And really, was she damaging the baby bag? Sometimes we have to differentiate -- is this behaviour BAD, or is it just annoying us? If it's the latter, then sometimes we have to ask ourselves, "Is she really hurting something, or is this more about me being tired or frustrated?"

Melissa - posted on 02/18/2011

472

1

so what do you guys do when your child is playing up at the shopping centre? You cant put them in time out. Mine was constantly kicking the baby bag which I hook onto the front of the trolley where she sits and I thought well I cant smack her so what do I do. I kept having to grab her legs and tell her to stop but it didnt work

Melissa - posted on 02/18/2011

472

1

I might have a play pen...Id have to check out back Ive got everything else. Daycare worker said the cot but she isnt in a cot anymore its her sisters now. Im surprised to read that Renae. I honestly for the first time today at the shops saw a lady with a tantrum throwing toddler who wanted a chocolate, not smack. She just yelled

Renae - posted on 02/18/2011

2,209

23

Ok I know I bailed out of this conversation a long time ago.. but I HAVE to say... I am from Perth too and in no way is smacking "the norm". Just felt I needed to defend my nice but isolated and small city! I dont know anyone who smacks, noone in my playgroup smacks and I rarely ever see it out at the shops or park or whatever.

Ok bailing again, just had to stick up for poor old Perth! :)
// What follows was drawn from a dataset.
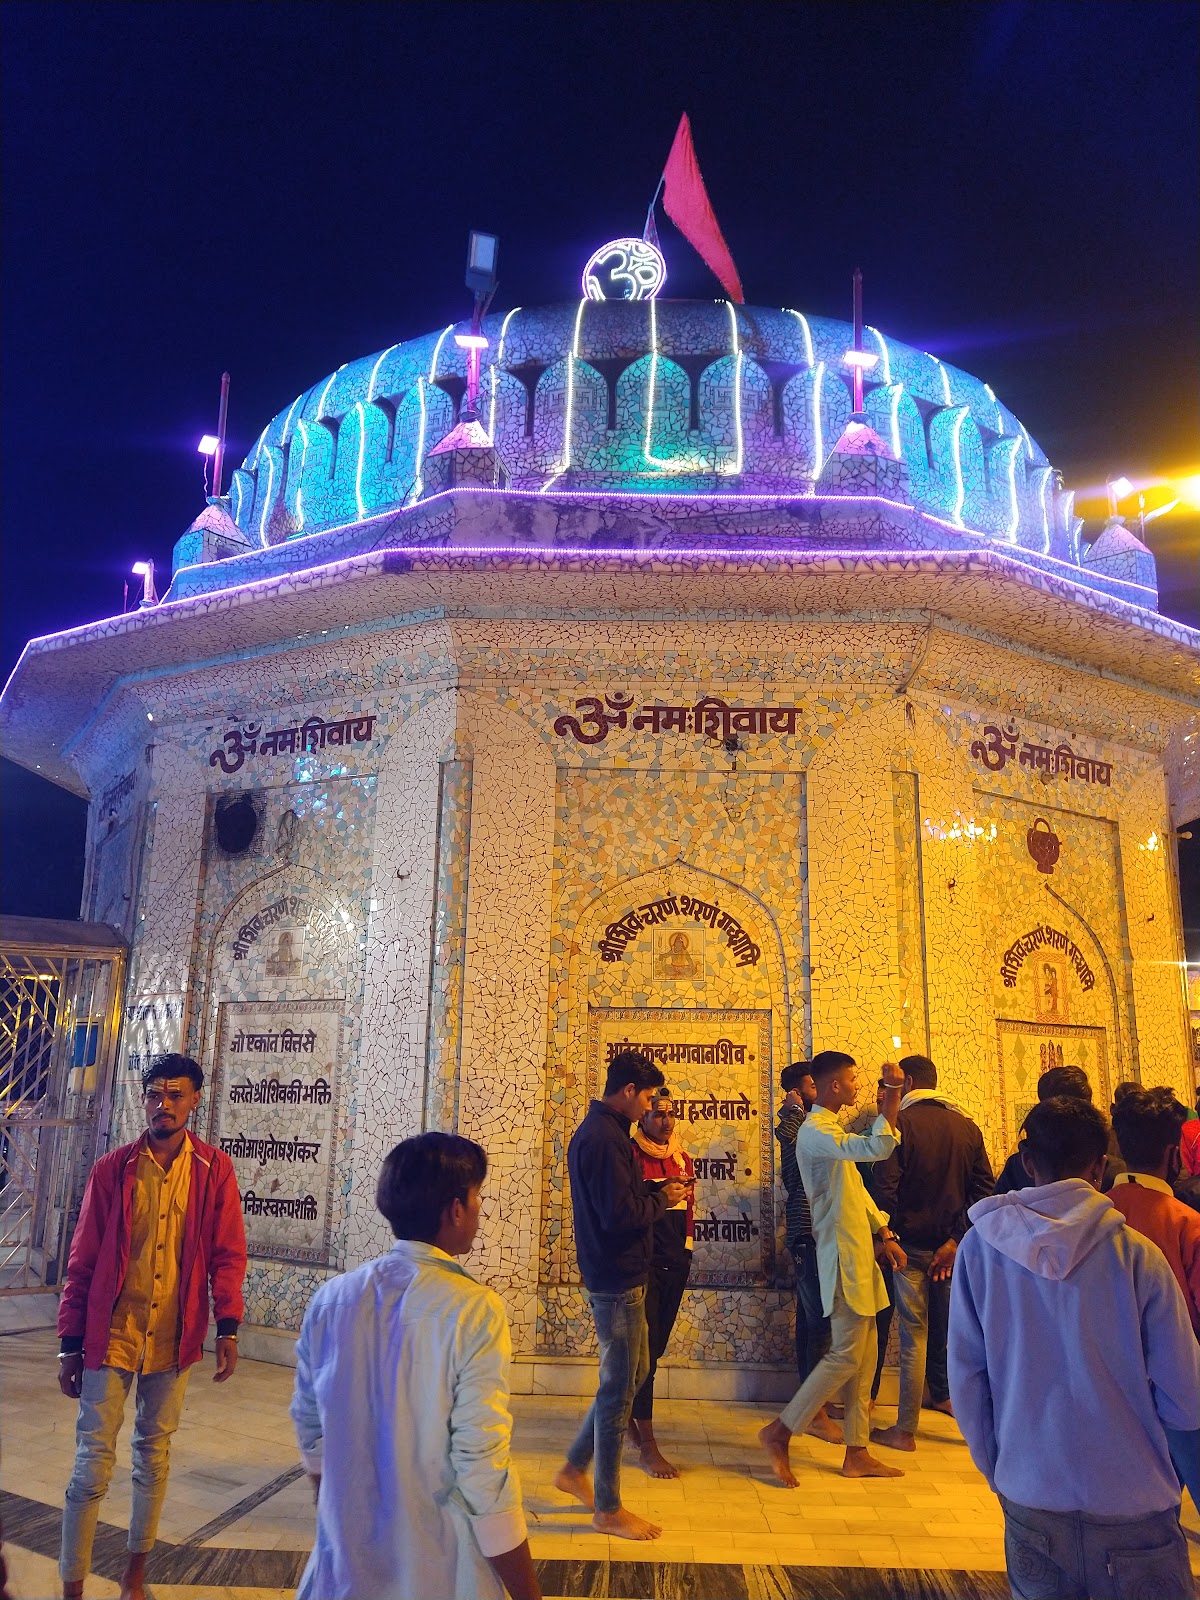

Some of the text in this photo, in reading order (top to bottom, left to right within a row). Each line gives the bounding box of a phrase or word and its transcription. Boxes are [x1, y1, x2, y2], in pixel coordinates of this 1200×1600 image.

[554, 692, 635, 744] ॐ
[209, 723, 262, 774] ॐ
[971, 725, 1020, 771] ॐ
Krista - posted on 02/18/2011

12,562

16

Mandy, do you have a playpen? That would be a good place for time-outs, if you don't want to put her in your room or hers. You can tuck it in a quiet corner of the living room or the kitchen.

Nikki - posted on 02/17/2011

5,254

39

Thank you, wasn't the best of times but fully recovered now which is a good feeling.

Melissa - posted on 02/17/2011

472

1

yeah we have races sometimes cause Ive seen otehr families do that, with th eating. And Im not concerned as I know its just normal toddler behaviour. My daughter has a history of feeding problems and had to be force fed her bottles as a baby , I knowabout feeding problems and aversions in babys/toddlers. She eats more then most toddlers Im around. Sorry you went through that. Cant imagine going thru eating disorders

Nikki - posted on 02/17/2011

5,254

39

I am really happy that you are trying Mandy, you really will see benefits in the long run. As far as the eating goes, I am of the belief not to force feed children. From my personal experience I was force fed and had a negative association with food. During my teenage years and early 20's I suffered with bulimia, I know there were other contributing factors but I also think my negative image of eating health food was a factor.

Because of the problems I have had I put a lot of thought into feeding my daughter. I really don't feed her any junk at all, unless it is a very special occasion. I have learnt to be very creative with healthy foods, I cut shapes out of fruit, she eats vegetable ravioli, I can't think of more examples right now... But my biggest tool to ensure she is eating enough is to use lots of positive encouragement. There are times I feel like making her eat because I know she won't sleep if she doesn't but I don't want to turn meal times into a negative event. So I make it as fun as I can. Lots of praise, clapping hands and singing, telling her it's yummy and letting her feed some to me tends to work.

Positive reinforcement is one of the most useful tools for discipline, children love attention and they will do anything to get it, if they get attention for bad behaviour they will continue with it, so turn it around. Be over the top eccentric and joyful when praising her positive behaviour, even the little things. Clap sing, jump up and down, cuddles and dancing all work really well. Then if she does something negative, deal with it quickly and quietly, lower your voice with a stern tone and then move on. Eventually she will learn to seek positive attention rather than negative.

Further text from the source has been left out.